お寺からのメッセージ

2025

12師走

December

心の持ち方ひとつで

「自分が思うこの世で一番美しいものを描きなさい。」有名な作家である芥川龍之介が小学生の頃、授業で絵を描く時間がありました。出来上がった作品を見ていくと、どの子も富士山や桜など、色彩豊かな風景画を描いています。そんな中、芥川少年が描いた絵は「雲」でした。しかも画用紙いっぱいに雲の輪郭だけを描いた白黒の絵でした。周りの子どもたちはその絵を見てクスッと笑います。まさか雲が美しいだなんて。そんなはずがない。みんなが芥川少年の絵を馬鹿にします。

授業が終わって先生が芥川少年に尋ねました。「何を美しいと思うかは人それぞれだけれど、先生はあなたの絵を見て美しいとは思えません。どうして色を塗らなかったのですか。」すると芥川少年は先生の目をじっと見て答えました。

「この絵は塗れないのです。真っ青な空に浮かぶ雲もあれば、真っ赤な夕日に沈む雲もある。そのどれもが美しいのです。だから、たとえこの絵のような白黒の雲があったとしても僕はこの世で一番美しいと思うでしょう。」話を聞いた先生は、この子は将来とてつもないことを成し遂げるだろうと思ったそうです。

花を見て美しいと思う人がいます。富士山を見て美しいと思う人がいます。そして雲を見ても美しいと思う人もいるのです。

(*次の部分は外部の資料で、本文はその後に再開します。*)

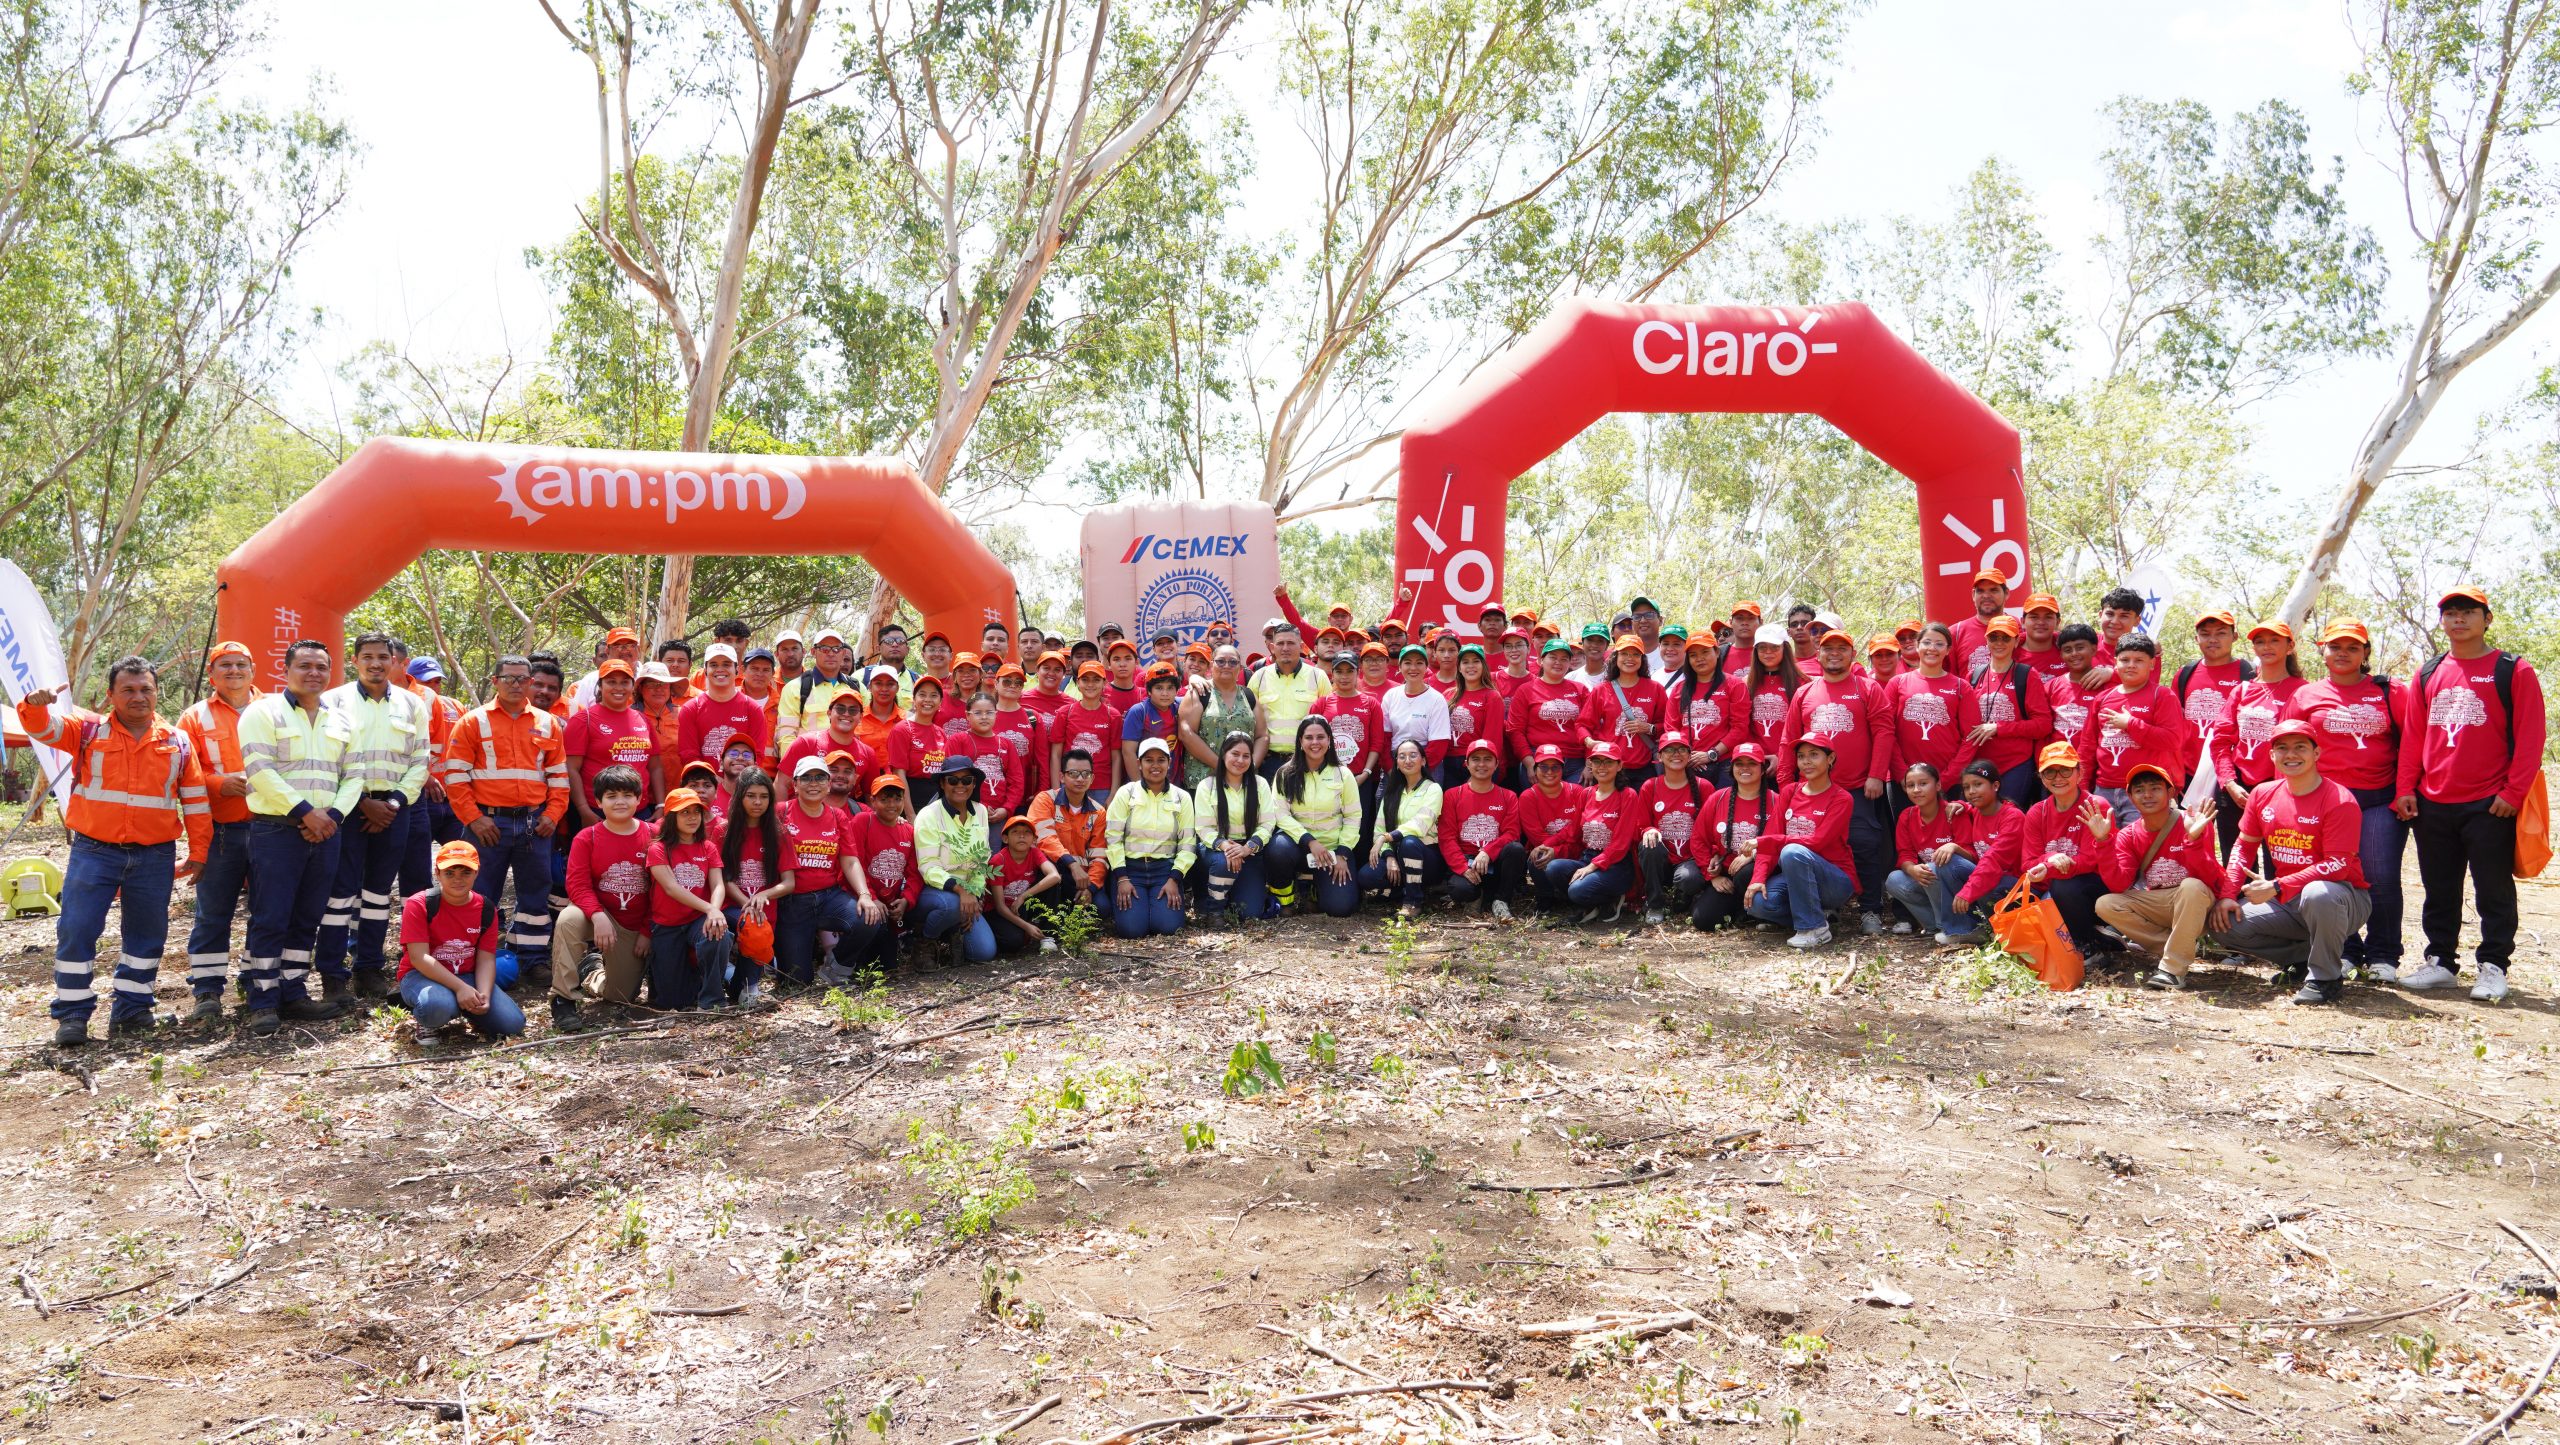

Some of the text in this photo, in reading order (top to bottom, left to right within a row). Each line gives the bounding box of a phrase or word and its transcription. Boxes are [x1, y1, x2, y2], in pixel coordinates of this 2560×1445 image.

[1152, 533, 1250, 561] CEMEX
[1145, 580, 1227, 634] CEMENTO PORTLAN
[2470, 675, 2492, 683] Claro
[2330, 721, 2371, 729] Reforestá
[612, 754, 649, 762] CAMBIOS
[2298, 816, 2316, 824] Claro
[798, 858, 833, 869] AMBIOS

この「美しい」を「幸せ」と置き換えてみますと、美味しいものが食べられて幸せだ、欲しいものが手に入って幸せだと思う人もいれば、今日も一日無事過ごせて幸せだ、今日も無事に朝を迎えられて幸せだと思う人もいます、美しさや幸せとは、自分の心の中にあるのです。

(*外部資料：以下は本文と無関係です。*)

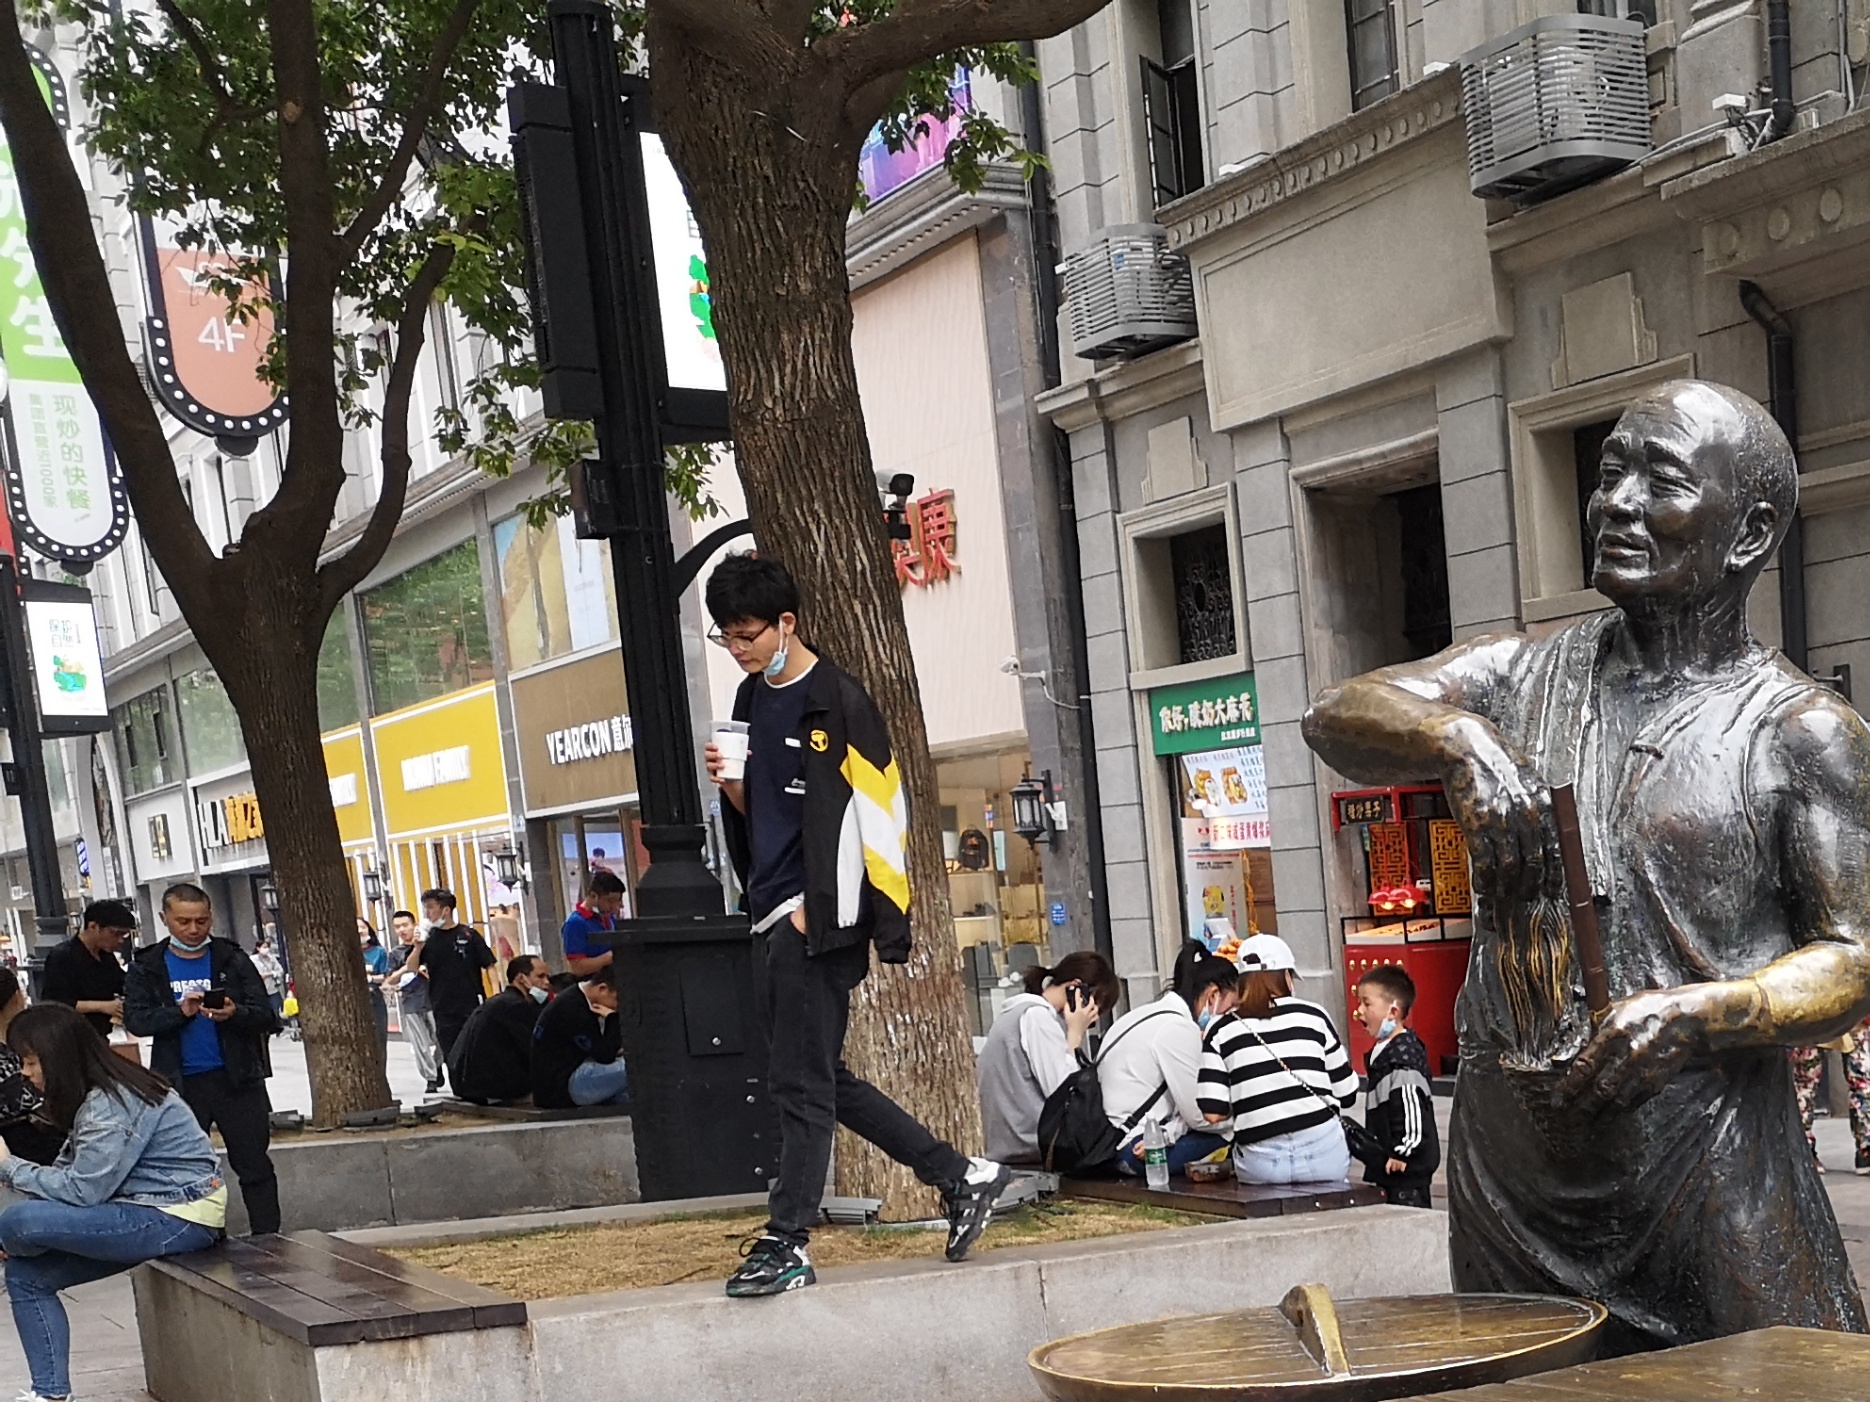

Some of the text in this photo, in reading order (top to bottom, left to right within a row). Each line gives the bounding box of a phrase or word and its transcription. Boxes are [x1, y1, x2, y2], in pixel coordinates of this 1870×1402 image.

[198, 316, 245, 353] 4F
[545, 720, 612, 765] YEARCON
[198, 800, 229, 850] HLA

仏さまも同じです。仏とは外に求めるものではなく、誰もが生まれたときから本来備わっているものです。だから、仏になることに執着して修行するのではなく、仏として生活することが大切なのだとお大師さまは説いておられるのです。心の持ち方ひとつで、皆様の人生がよりよく素晴らしいものになることでしょう。